[发明专利]荧光纳米探针及其制备方法和用于食品中多种危害因子同步检测的方法

说明书

本发明公开了一种荧光纳米探针，包括内部载有Eu³⁺和/或Tb³⁺的稀土螯合物的TEOS纳米内核，所述的TEOS纳米内核表面修饰有多层表面键合有Eu³⁺和/或Tb³⁺稀土螯合物的TEOS壳层。本发明的目的在于提供一种光信号强、有助于高通量检测食品中危险因子的荧光纳米探针，同时，本发明还提供了该荧光纳米探针的制备方法，以及采用该荧光纳米探针来实现食品中多种危害因子同步检测的方法。

技术领域

本发明涉及食品检测领域，特别是一种荧光纳米探针，该荧光纳米探针的制备方法，以及用于食品中多种危害因子同步检测的方法。

背景技术

食品中危害因子检测一直是食品安全领域中的重要课题，但目前能够灵敏、稳定可靠、快速简便、低成本地监控乳品中常见的危害因子的方法，实现对乳品中高频危害因子实现一步“全检测”的技术仍然缺乏。

如乳品中常见的“高频危害因子”如三聚氰胺，黄曲霉毒素M1，Beta-内酰胺类抗生素等的检测技术主要有基于色谱-质谱等理化检测、基于抗原抗体反应原理的免疫分析检测和基于微生物相关技术原理的检测。对乳品中抗生素的检测最初发展起来的是基于抗生素与微生物间相互作用而建立的微生物生长抑制法、微生物受体法和酶促比色法。乳品中理化检测方法是利用抗生素分子中的基团具有的特殊反应或性质来测定其含量，如高效液相色谱法、气相色谱法、质谱法、联用技术等等，能进行定性、定量和药物鉴定，敏感性较高，但色谱法分析过程繁琐复杂，样品前处理步骤较为复杂，工作量大，仪器昂贵，要求有熟练地技术人员及较长的分析周期，这也一定程度上限制了色谱法的应用。目前，用于检测抗生素残留的免疫分析方法主要有两类：一类是以抗原抗体识别为核心反应，代表方法是酶联免疫吸附法(ELISA)，另一类是以受体配体识别为核心反应。但影响因素较多，易出现假阳性结果且灵敏度低。不管哪种方法，其检测对象都是一种(类)物质，要实现一次性对高频危害因子实现同步高通量的测定，目前的检测方法还不能实现。

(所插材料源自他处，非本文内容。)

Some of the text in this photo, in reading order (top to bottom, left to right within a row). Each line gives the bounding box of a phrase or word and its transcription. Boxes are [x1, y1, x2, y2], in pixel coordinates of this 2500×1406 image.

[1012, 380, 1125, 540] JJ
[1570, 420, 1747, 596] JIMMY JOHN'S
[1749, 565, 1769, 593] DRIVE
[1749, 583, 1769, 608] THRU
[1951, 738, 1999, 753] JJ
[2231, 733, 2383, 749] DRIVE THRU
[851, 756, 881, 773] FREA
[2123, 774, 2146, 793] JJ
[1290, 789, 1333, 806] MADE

以稀土荧光化合物作为荧光标记物的时间分辨荧光生化分析技术已经取得了显著的进步，在医学临床诊断、食品安全领域以及生命科学等领域发挥着越来越重要的作用。现有技术中，基于稀土荧光生物标记物超长荧光寿命的时间分辨荧光生化分析技术可有效消除各种各样来自于样品及仪器的背景信号对荧光测定的干扰，使得测定灵敏度显著增加。

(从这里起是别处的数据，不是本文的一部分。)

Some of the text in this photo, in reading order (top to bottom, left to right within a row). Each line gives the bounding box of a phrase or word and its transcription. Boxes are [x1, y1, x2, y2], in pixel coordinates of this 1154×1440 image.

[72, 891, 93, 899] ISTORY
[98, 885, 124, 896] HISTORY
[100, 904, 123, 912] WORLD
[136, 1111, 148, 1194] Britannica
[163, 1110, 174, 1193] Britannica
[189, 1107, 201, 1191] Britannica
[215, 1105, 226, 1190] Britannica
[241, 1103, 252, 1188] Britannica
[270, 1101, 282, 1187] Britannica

但是现有的稀土荧光探针具有光信号较弱、检测集成度低的问题，并且现有的稀土荧光探针及其配套的检测装置和平台无法实现多种危害因子同步检测的目的。

发明内容

本发明的主要目的是提供一种光信号强、有助于高通量检测食品中危险因子的荧光纳米探针，同时，本发明还提供了该荧光纳米探针的制备方法，以及采用该荧光纳米探针来实现食品中多种危害因子同步检测的方法，该方法能够实现多种危害因子同步检测的目的。

在阐述本发明的具体方案之前，对本发明中的各化合物简称予以说明：

TEOS(正硅酸乙酯)、BHHCT(三联苯衍生物螯合物)、BPTA(四氮-[2,6-双(3'-氨基甲基-1'-吡啶)-4-苯基吡啶])、APTMS(3-氨丙基三甲氧基硅烷)、NHS(N-羟基琥珀酰亚胺)、BBCAP(2,9-双[N,N-双(羧甲基)氨甲基]-1,10-(菲咯啉))、PTTA(联三吡啶多羧酸衍生物)、BCPDA(4,7-双氯磺酰基苯基-1,10-菲啰啉-2,9-二羧酸)EDC(1-(3-二甲氨基丙基)-3-乙基碳二亚胺盐酸盐)、TritonX-100(聚乙二醇辛基苯基醚)、Tris(三羟甲基氨基甲烷)、BSA(牛血清白蛋白)、PDMS(聚二甲基硅氧烷)。

本发明提供的技术方案为：一种荧光纳米探针，包括内部载有Eu³⁺和/或Tb³⁺的稀土螯合物的TEOS纳米内核，所述的TEOS纳米内核表面修饰有多层表面键合有Eu³⁺和/或Tb³⁺稀土螯合物的TEOS壳层。